Davidson also told her that when residing with Mother the Children sleep on
the couch and on the floor.
[7] On July 14, 2016, DCS filed a CHINS petition, claiming that Mother had failed
to provide the Children with a safe, stable, and appropriate home environment.
The specific allegations included that since February 2016, K.D. had been to
the hospital three times to have severe head lice treated. K.D’s scalp was
bleeding and black in color. Both Children also were alleged to have ringworm
and poor hygiene.
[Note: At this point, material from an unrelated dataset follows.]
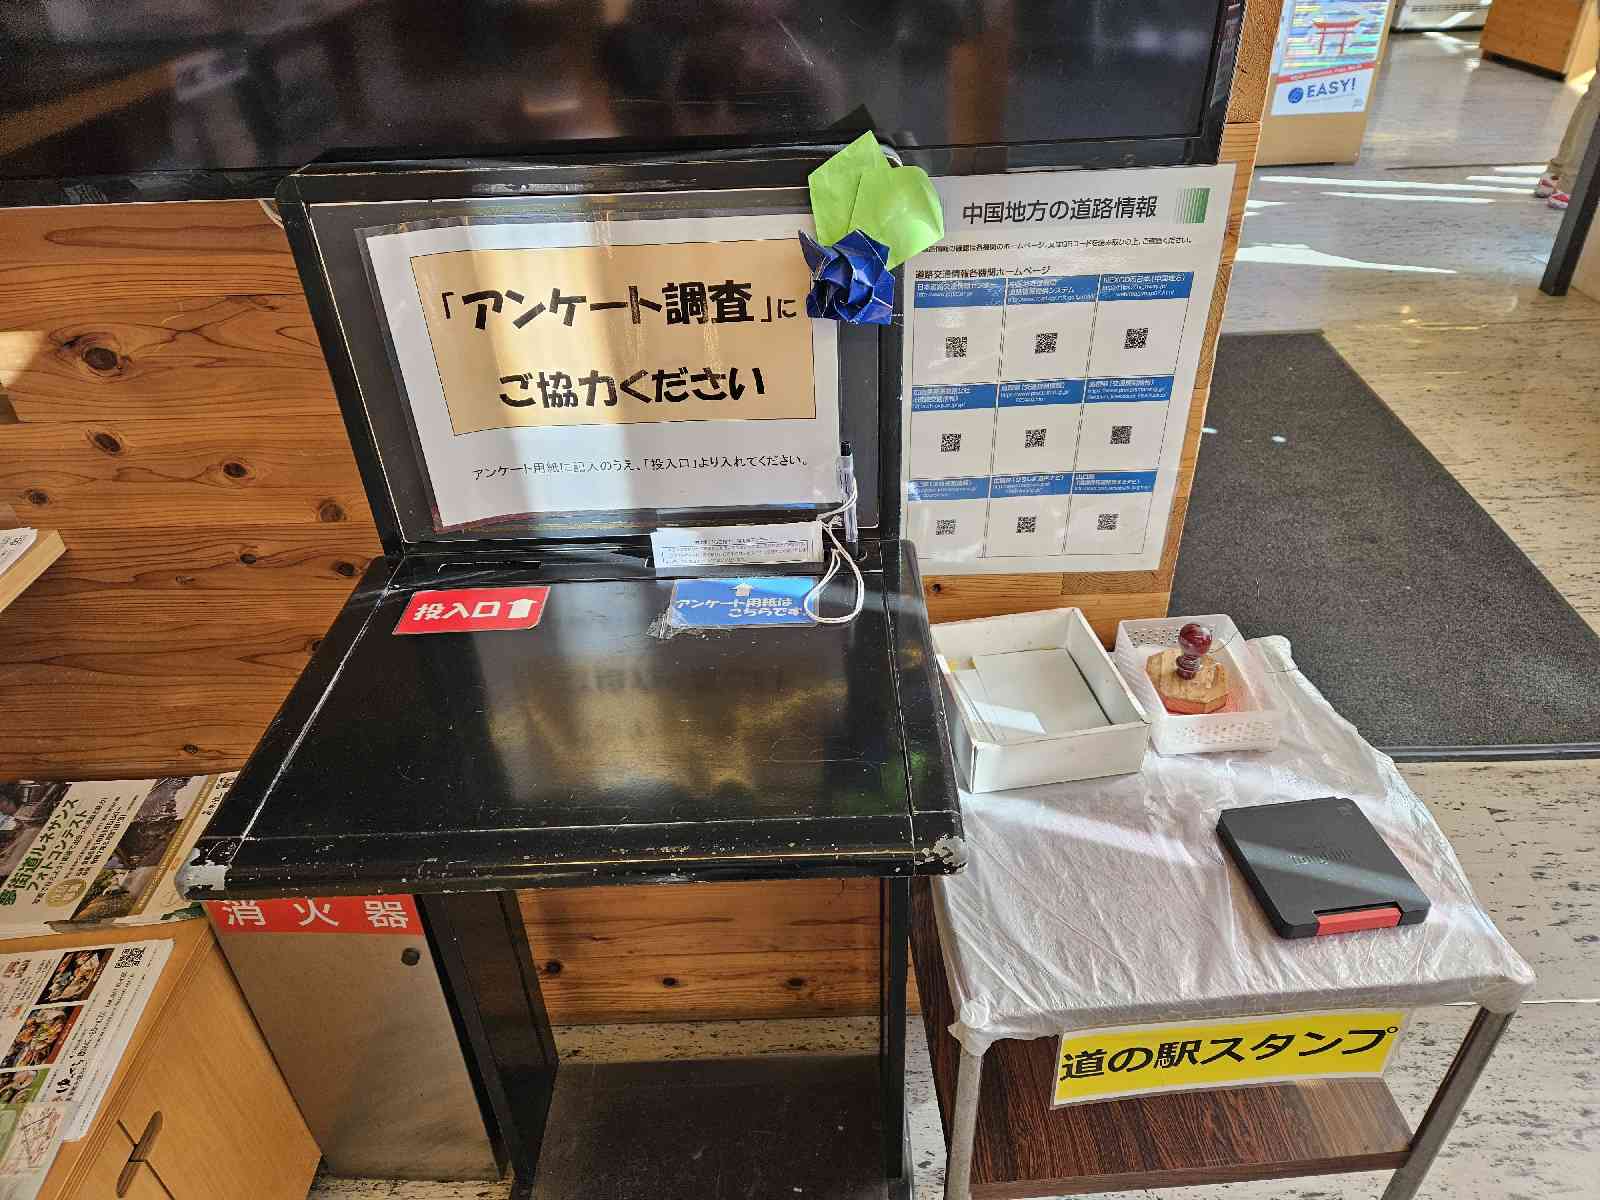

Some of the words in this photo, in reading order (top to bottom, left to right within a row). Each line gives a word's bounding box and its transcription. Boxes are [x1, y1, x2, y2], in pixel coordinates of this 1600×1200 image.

K.D. “is so dirty that when he was washed, you could see
the dirt come off in the bottom of the tub. [] K.D. does not have a tooth brush.”
(Appellant’s App. Vol. II, pp. 37-38). “J.T. is often dirty like he has not bathed
in days and cries because he is so hungry.” (Appellant’s App. Vol. II, p. 38).
Both Children indicated that they did not bathe at Mother’s home, nor were
their clothes washed. J.T. also expressed that he did not feel safe at Mother’s
home because her boyfriend “grabs him and throws him around.” (Appellant’s
App. Vol. II, p. 40). The petition also alleged that Mother lacks stability and
has moved at least “21 times” in the last six years. (Appellant’s App. Vol II, p.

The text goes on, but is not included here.